Start of Block

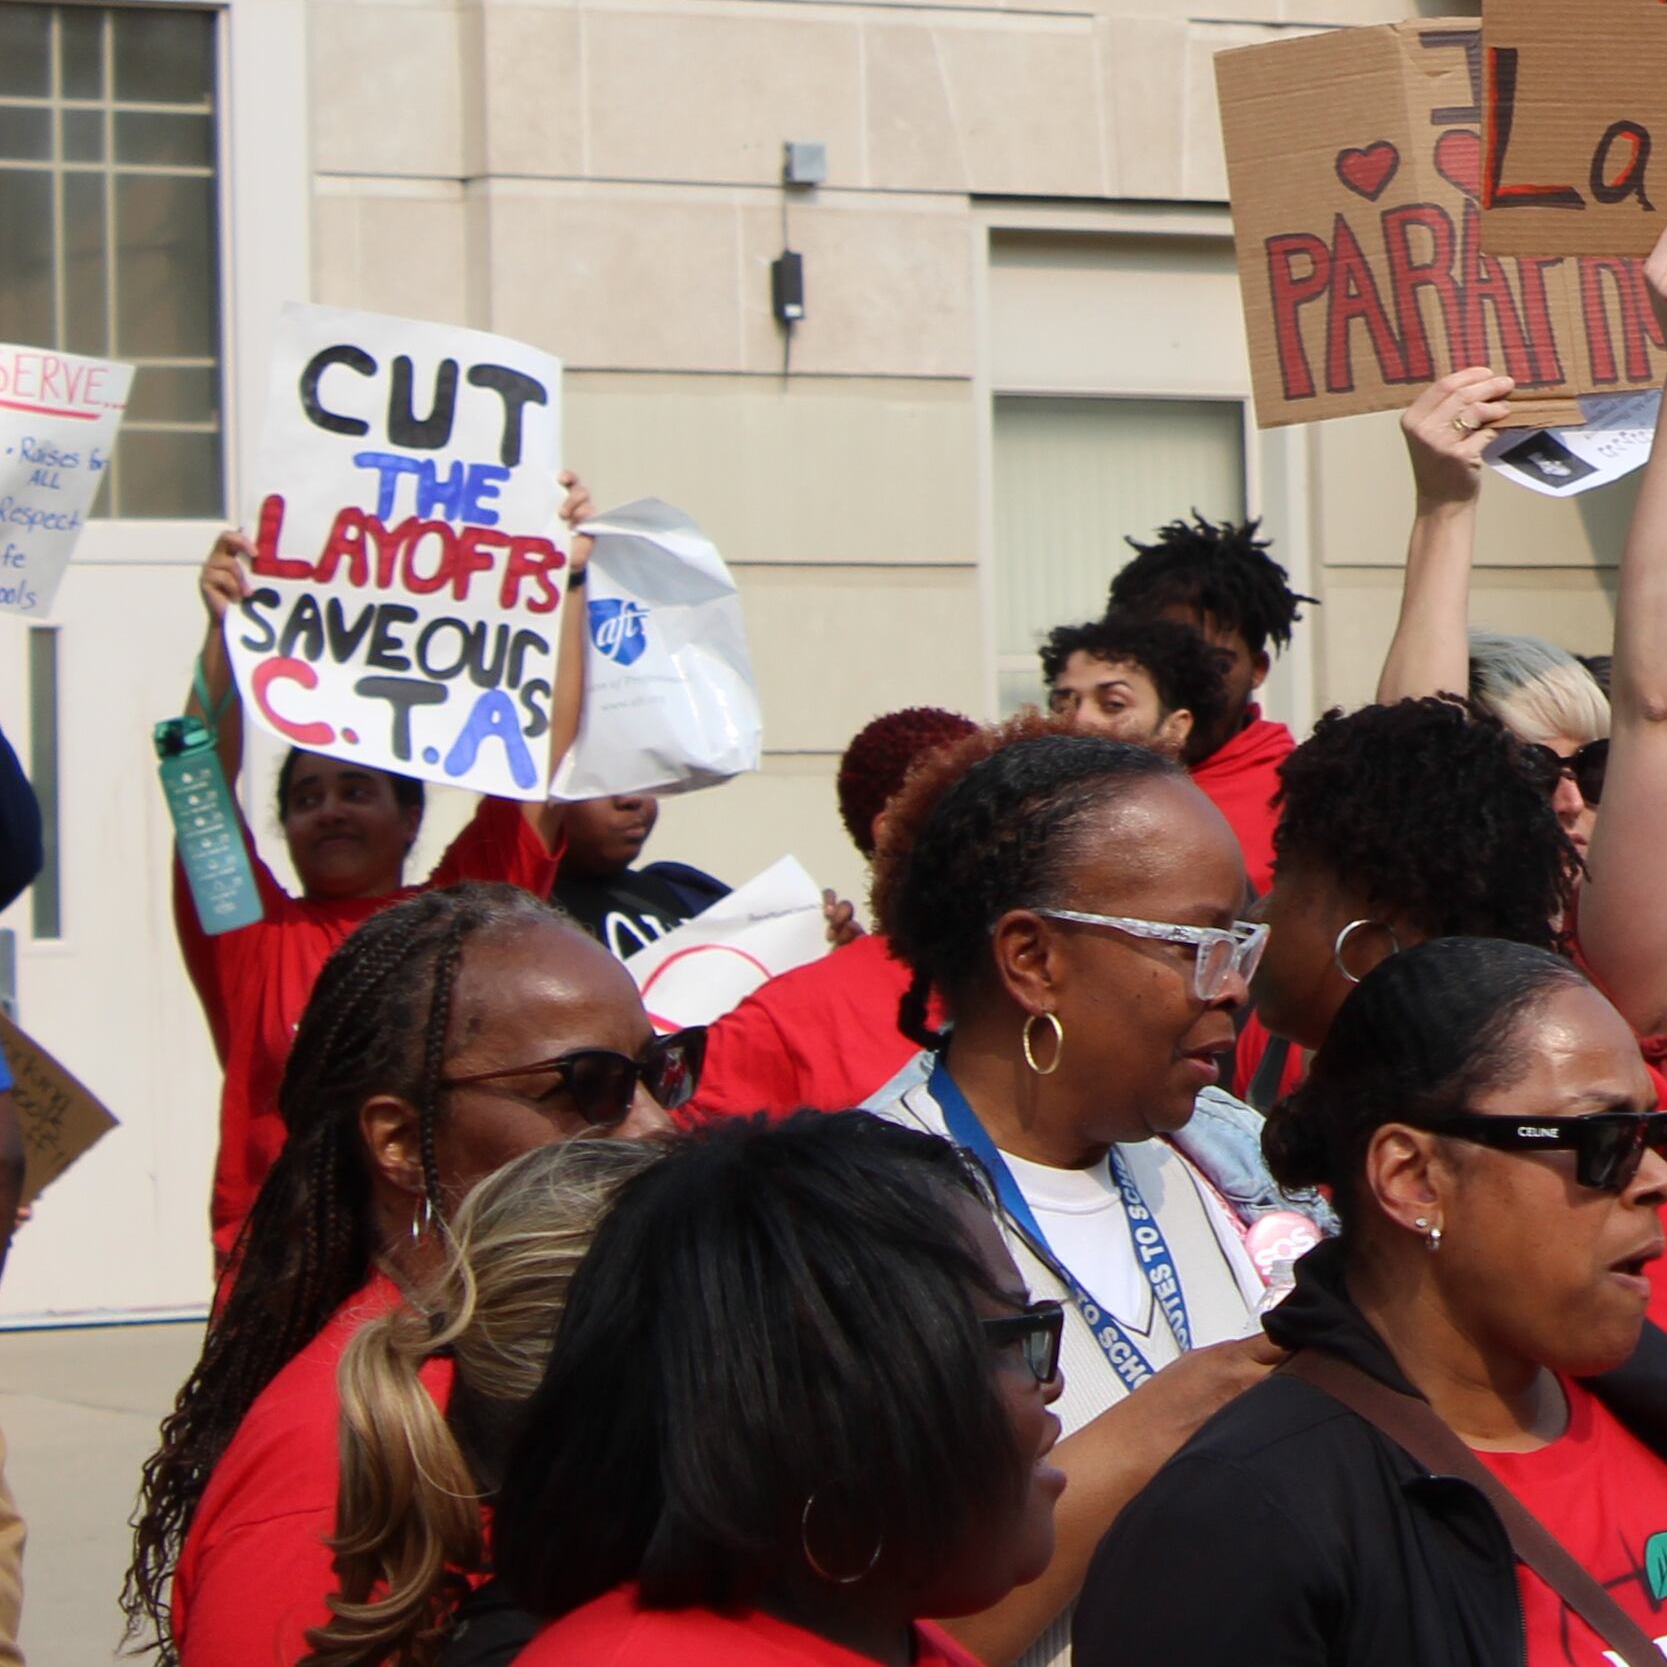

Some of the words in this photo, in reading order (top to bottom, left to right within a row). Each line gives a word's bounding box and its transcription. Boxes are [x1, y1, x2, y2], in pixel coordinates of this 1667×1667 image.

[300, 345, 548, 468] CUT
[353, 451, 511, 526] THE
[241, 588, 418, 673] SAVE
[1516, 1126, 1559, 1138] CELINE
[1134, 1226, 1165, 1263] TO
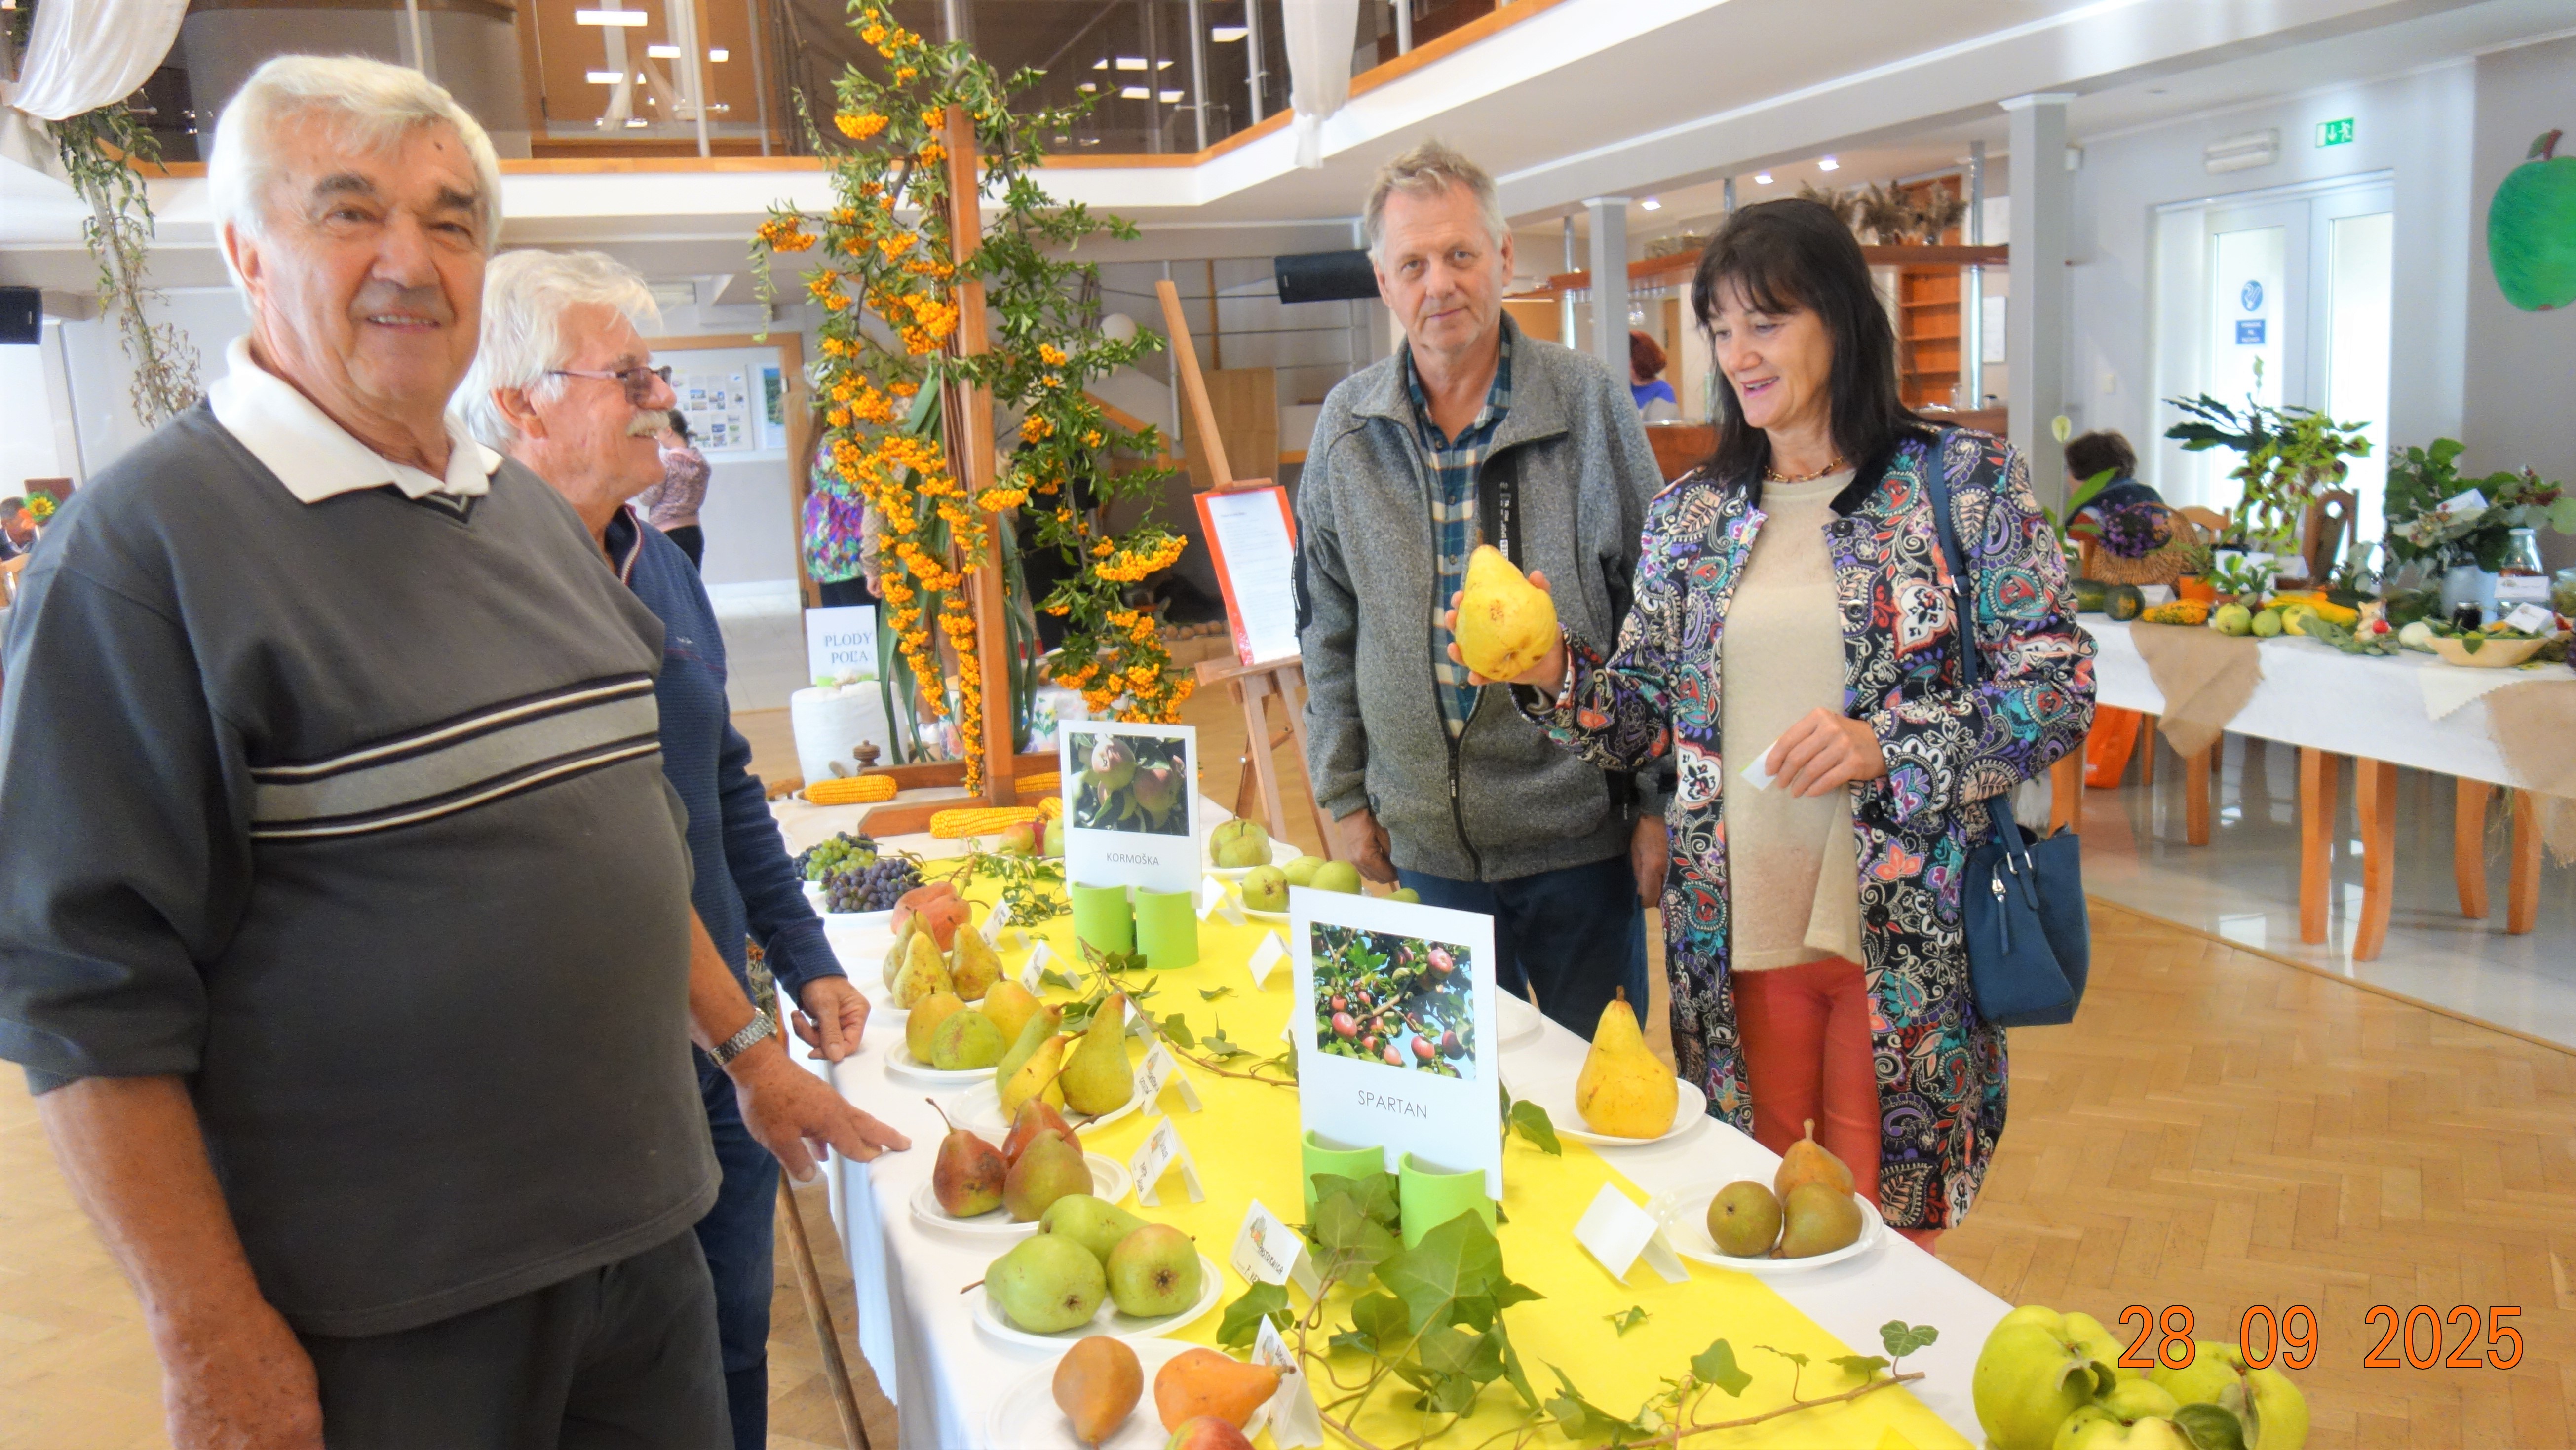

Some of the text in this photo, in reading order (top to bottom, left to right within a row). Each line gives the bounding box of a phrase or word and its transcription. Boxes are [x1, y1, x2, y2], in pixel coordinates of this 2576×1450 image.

End of Block

§ **What the exercise asks**: Type out all of the records exactly, leaving out any picture.

§ **Answer section**:
Some of the words in this photo, in reading order (top to bottom, left to right within a row). Each line gives a word's bounding box and its transcription. Boxes are [x1, y1, x2, y2], in pixel coordinates of this 1667×1667 image.

[300, 345, 548, 468] CUT
[353, 451, 511, 526] THE
[241, 588, 418, 673] SAVE
[1516, 1126, 1559, 1138] CELINE
[1134, 1226, 1165, 1263] TO

Some of the text in this photo, in reading order (top to bottom, left to right within a row). Each line gives the bounding box of a phrase or word and its transcription. Boxes are [x1, y1, x2, y2], in pixel coordinates of this 2576×1450 image.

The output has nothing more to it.